Notch signalling in primary cutaneous CD30+lymphoproliferative disorders: a new therapeutic approach?

P>Background The oncogenic potential of deregulated Notch signalling has been described in several haematopoietic malignancies. We have previously reported an increased expression of Notch1 in primary cutaneous CD30+ lymphoproliferative disorders, lymphomatoid papulosis and primary cutaneous anaplastic large-cell lymphoma (pcALCL). Objectives To investigate the functional importance of Notch signalling in cell lines derived from pcALCL. Methods Cell lines derived from pcALCL (Mac1, Mac2a and JK) were treated with different gamma-secretase inhibitors (GSIs) (GSI I, IX, XX and XXI). The effects of GSIs on cell viability, apoptosis and cell cycle progression were measured as well as the impact of GSI I on the known prosurvival pathway Akt-mTOR-FOXO3a. Results Notch family members were expressed in all investigated pcALCL cell lines. GSI I had a marked proapoptotic effect, but GSI IX, XX and XXI were much less potent.

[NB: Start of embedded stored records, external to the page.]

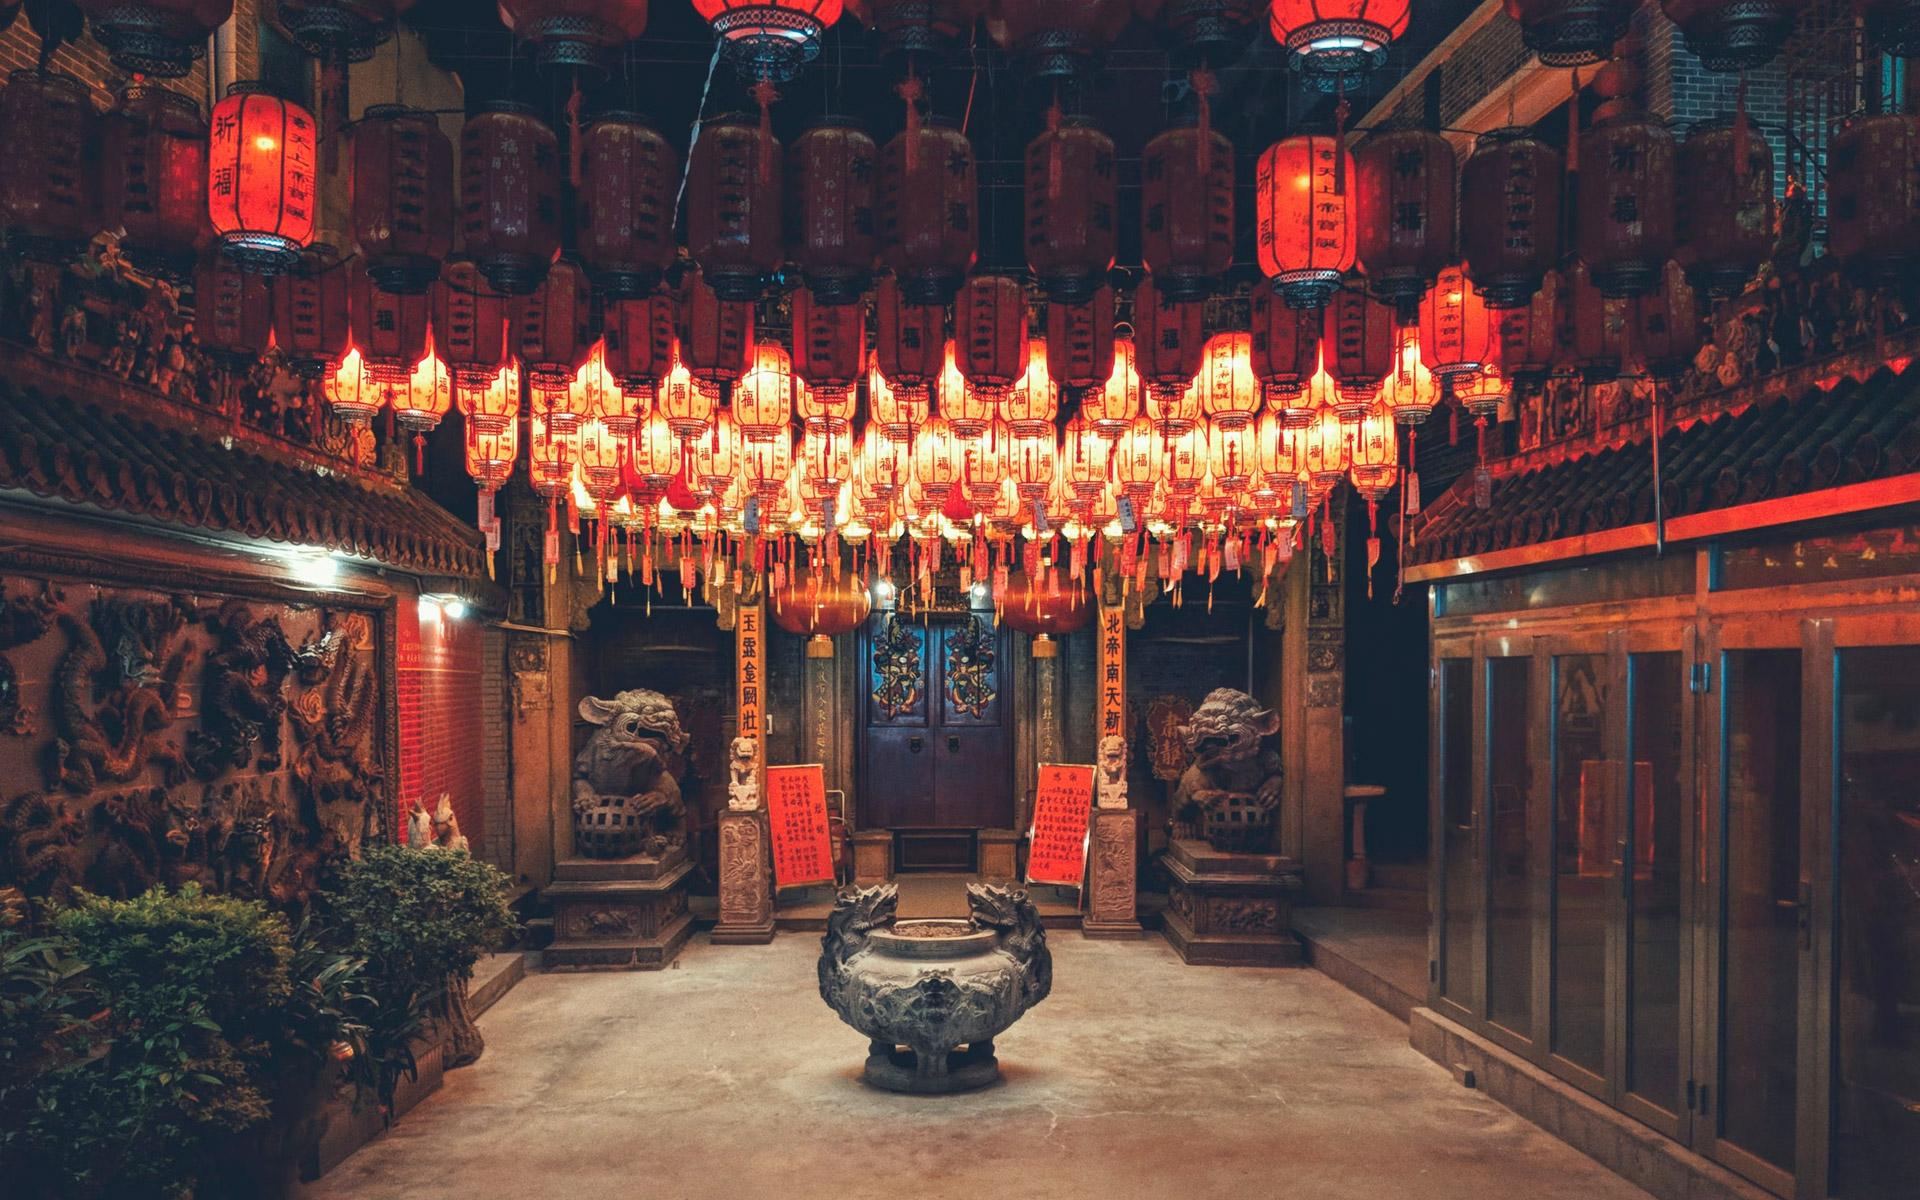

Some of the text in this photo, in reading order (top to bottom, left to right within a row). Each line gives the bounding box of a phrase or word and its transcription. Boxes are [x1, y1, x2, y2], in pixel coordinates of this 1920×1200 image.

[213, 114, 236, 196] 祈福
[373, 308, 396, 332] 福
[741, 390, 756, 408] 福
[1012, 388, 1028, 406] 福
[1308, 419, 1321, 459] 祈福
[1177, 450, 1191, 465] 福
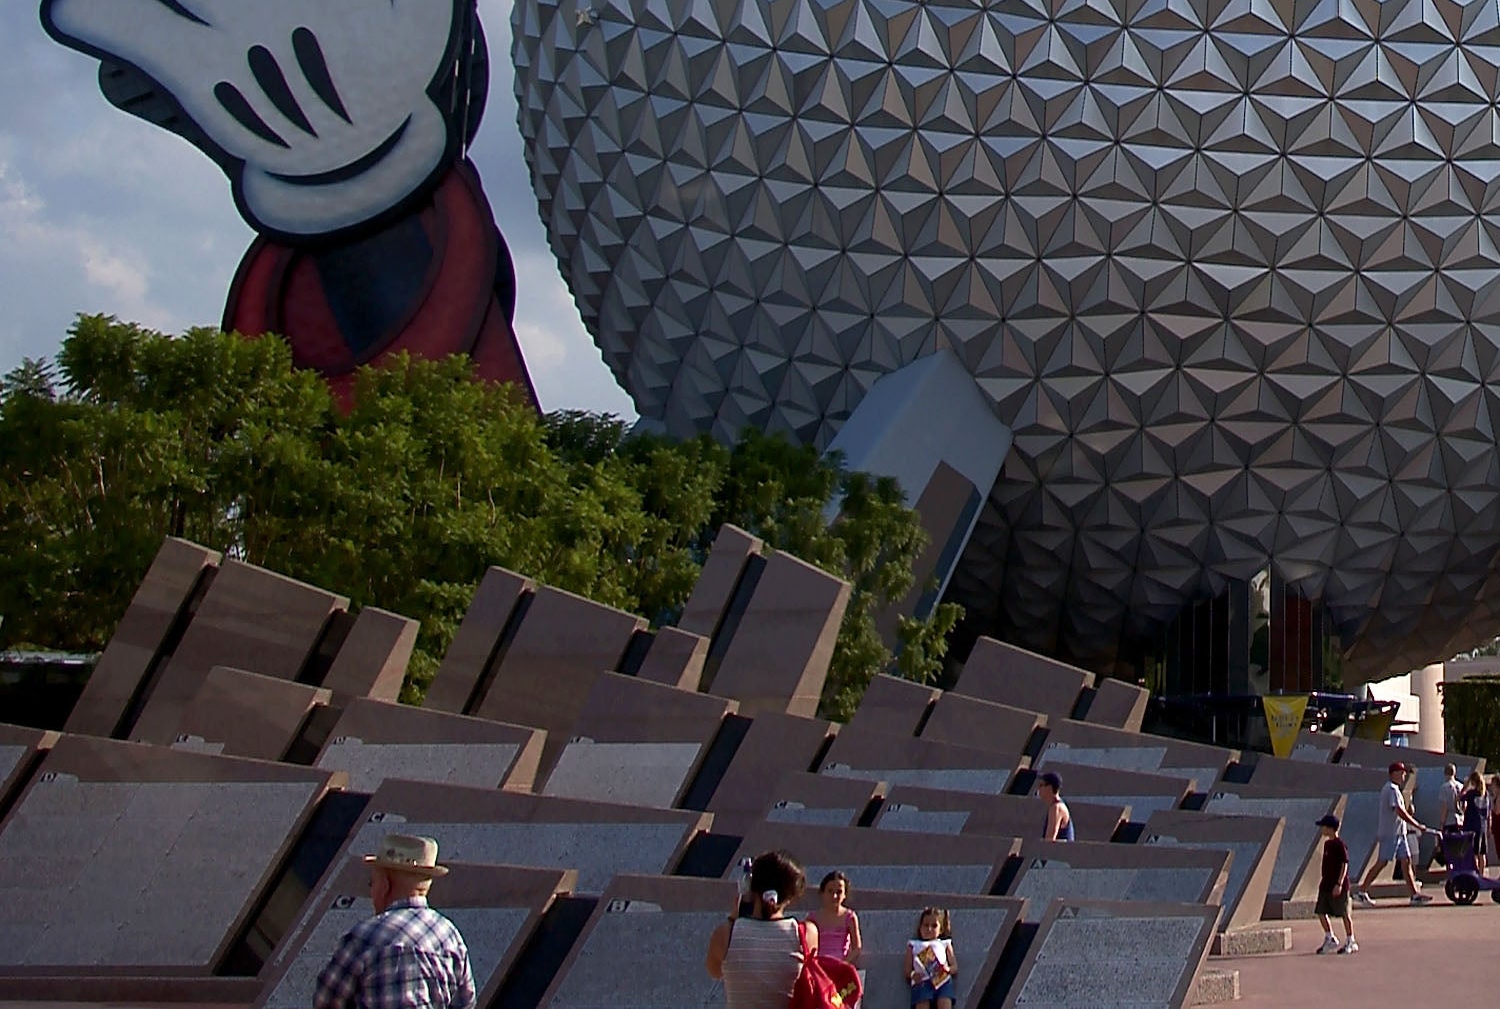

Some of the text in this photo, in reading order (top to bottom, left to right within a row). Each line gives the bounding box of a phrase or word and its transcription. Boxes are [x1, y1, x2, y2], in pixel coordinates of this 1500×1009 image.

[44, 772, 54, 781] D
[371, 812, 382, 822] C
[336, 895, 350, 909] C
[612, 900, 625, 912] B
[1062, 907, 1074, 919] A

The GSI I-triggered apoptosis was preceded by an accumulation of cells in the G2/M, cyclin B1-controlled phase of the cell cycle accompanied by an increase in the cyclin-dependent kinase inhibitor, p21WAF/Cip. GSI I induced the nuclear translocation of proapoptotic FOXO3a, probably via an Akt-independent pathway. Conclusions Notch signalling may be a future therapeutic target for the treatment of advanced pcALCL.